Quote
Originally posted by Mark Badolato:
ooooof... Vignette?? You may want to inform your company that even if they got Vignette for free, they still got reamed.

I've used Vignette. I hate Vignette with a passion. The software is utter crap. Documented features do not work, stuff literally just stops working for no reason (I'm dead serious...as a programmer I've been saying for years "code doesn't just stop working". It absolutley does with Vignette....I've seen it happen 4 times).

I've actually had Vignette's DATE_FORMAT command break on me...working fine, then one day just break. Patches that are released never work correctly, and often break things previously working.

The documentation is piss-poor. I've even cut and paste stuff right from the documentation into a template and gotten syntax errors for it.

As you can tell, I hate it. Your company would be far better off using a content system like Mason, which is Open Source. Vignette is far more trouble than it is worth.

Glad I do not have to use it any more. The company I worked for made a huge mistake in purchasing it. They finally agreed when a coworker and myself built a duplicate version of the site, on our desktop, using php and showed the boss the MASSIVE (like order of magnitude) speed increase...
Well I do agree that it is overpriced and they do sell you on a lot of features. But the big picture is that you really need MINIMALLY a 3-person team: DBA, Lead Template Developer & a Sys Admin that doubles as a template developer.

But I find your PHP comments comical. I mean, puhlease, do you really think PHP/My SQL is scaleable for hundreds of thousands of users (forget millions for now)? Can you honestly say that (if you had the resources) 5 people could simultaneously design and code templates and put them through a QA/workflow? And how about designing a CMA that dozens of editors (around the world who have limited or no HTML experience) could upload content and again put through a workflow where cetain users had different privileges, e.g., upload content, edit, launch? And how about the caching ability? You can cache (more efficiently that PHP) "libraries" and components and different parts of pages, e.g., nav bar, regularly used images, etc.

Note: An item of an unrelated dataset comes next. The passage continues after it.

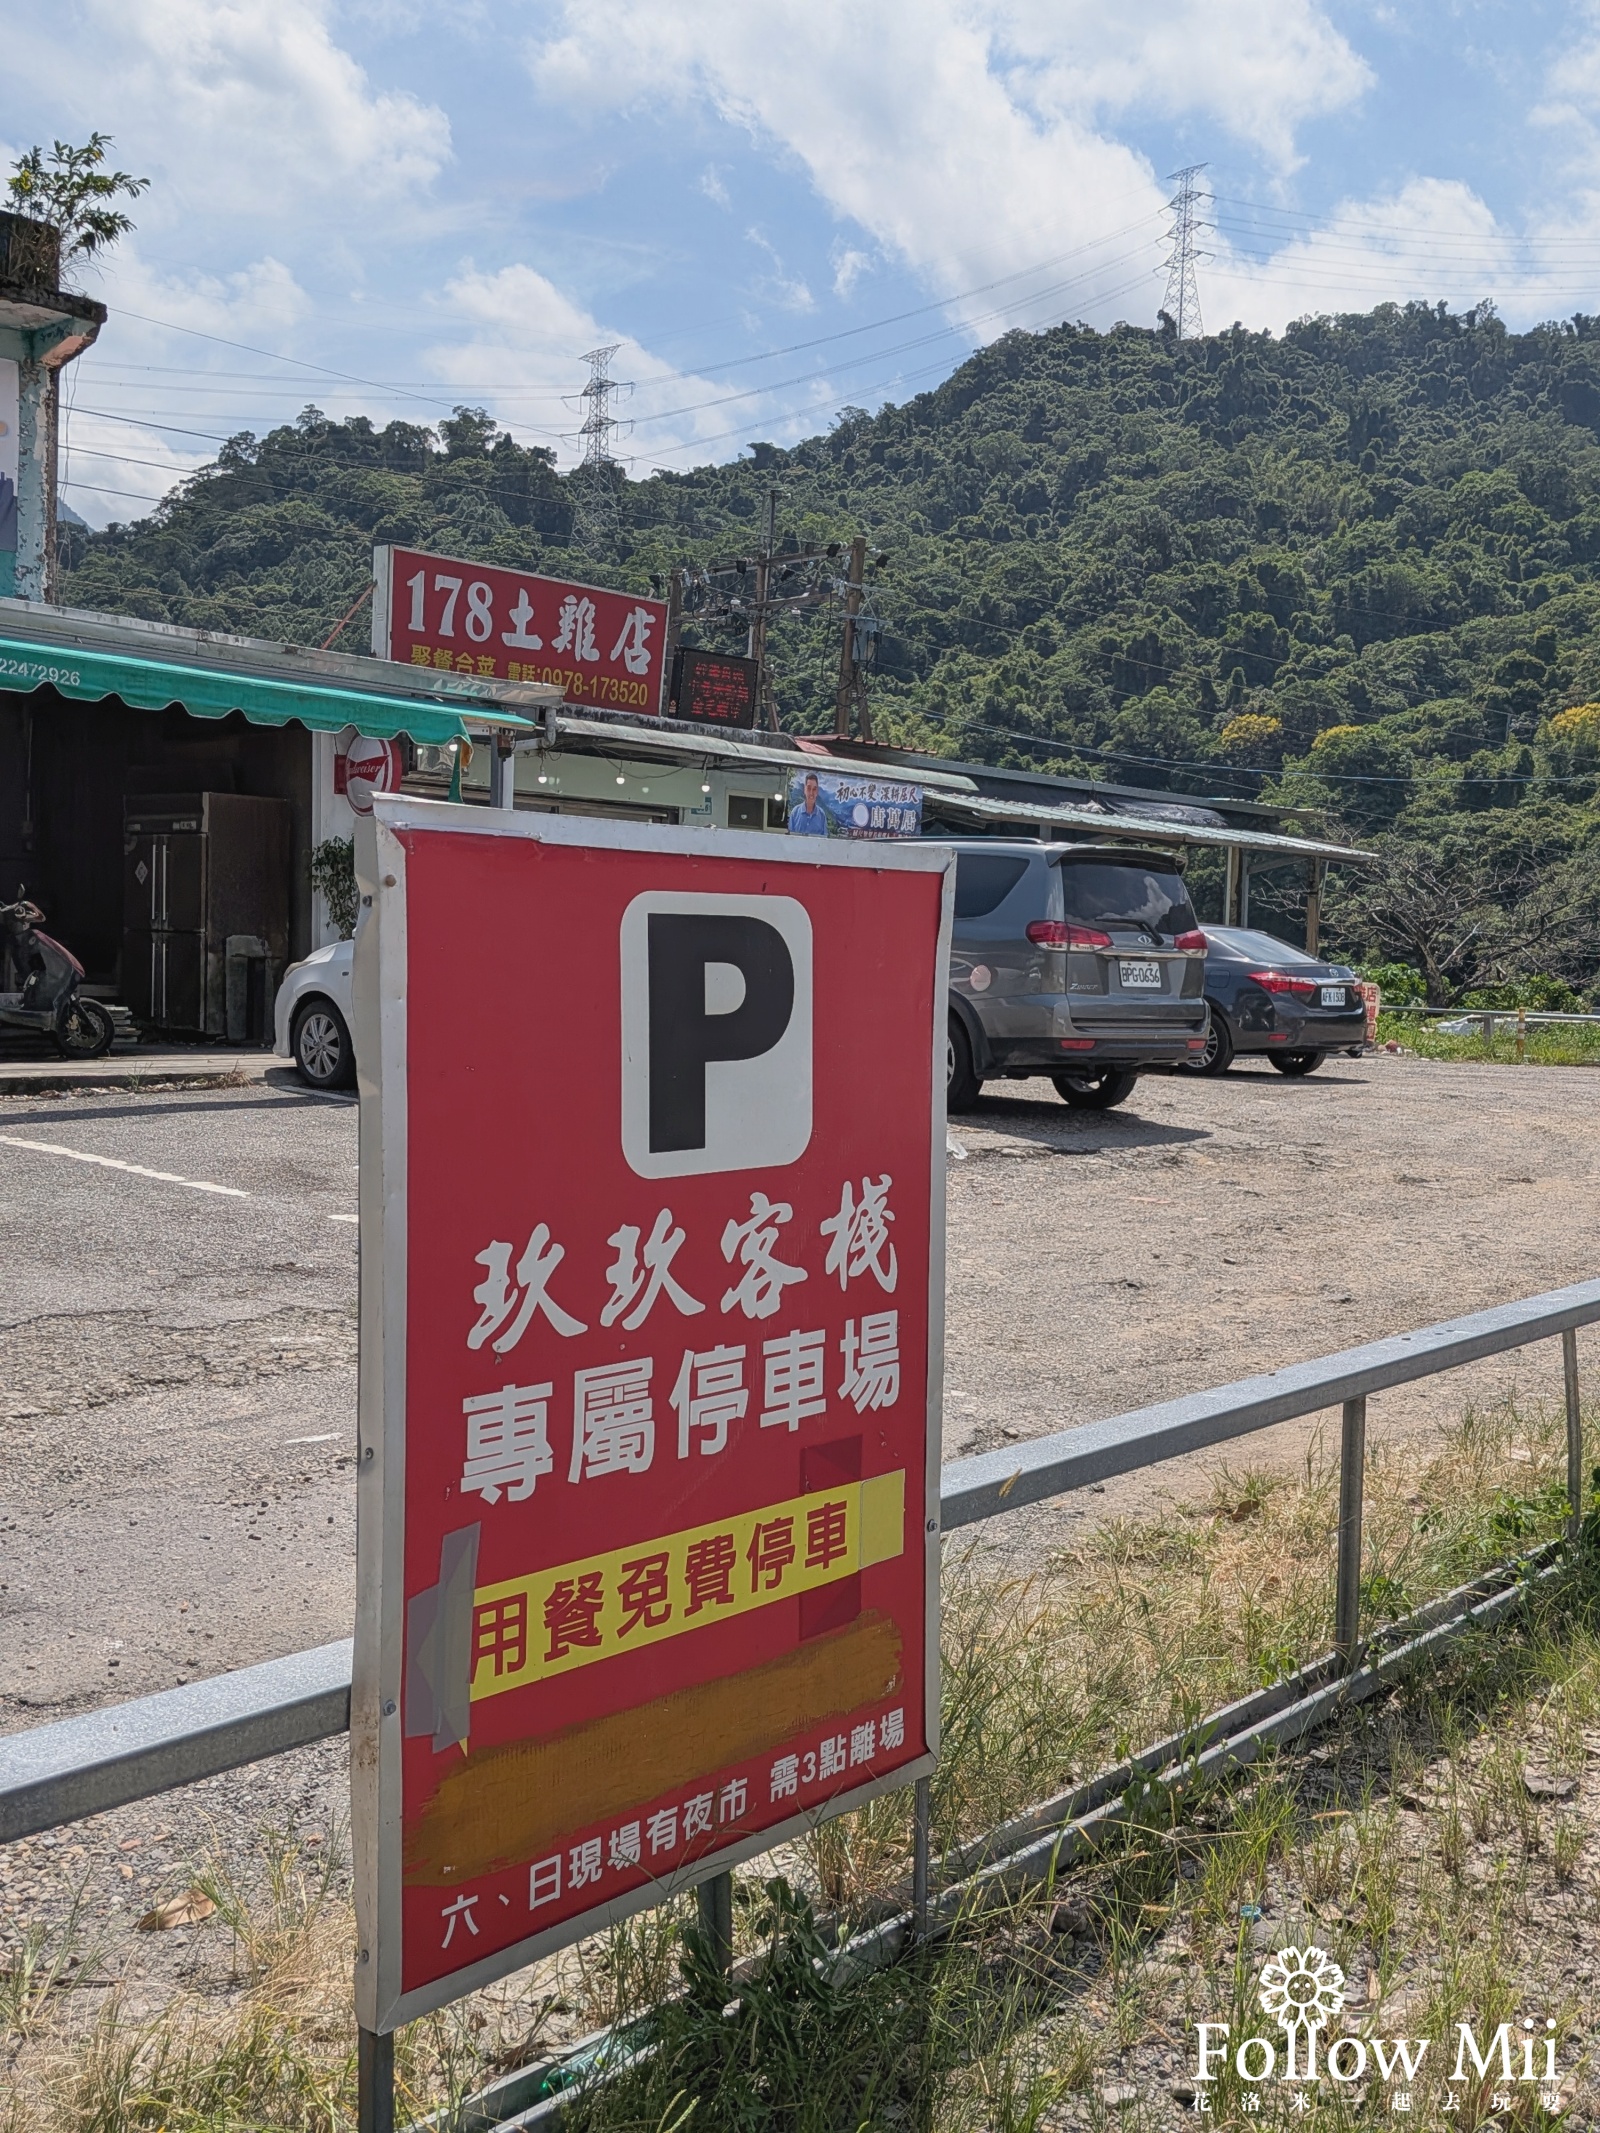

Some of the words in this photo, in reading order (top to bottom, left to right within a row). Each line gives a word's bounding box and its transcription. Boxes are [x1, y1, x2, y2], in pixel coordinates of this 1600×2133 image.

And how about the ability to place the sme article in different areas of a site? For instance, a guitar feature could also apply as a bass feature and could also be related to a keyboard review since there's a matching category/keyword pair?

Or how about the ability ro launch a new site in a week's time (keeping a similar design/layout) and being able to use an article that was already in the CMS and be able to populate content at the click of a button?

Don't get me wrong--this stuff doesn't happen overnight. It takes weeks--our months to get in place. I've done my share of Vignette-bashing too...as always there's 2 sides to every story.

And BTW, our sister company started building a CMS off of Mason, but it was just as expensive to build/support for!!!

I'm really surprised you didn't mention the other standards that have taken off: XML and Java. That's where things have been going for a while now. And guess what? XML, Java (JSP) and ASP are now compatible with Vignette...how do you like them apples?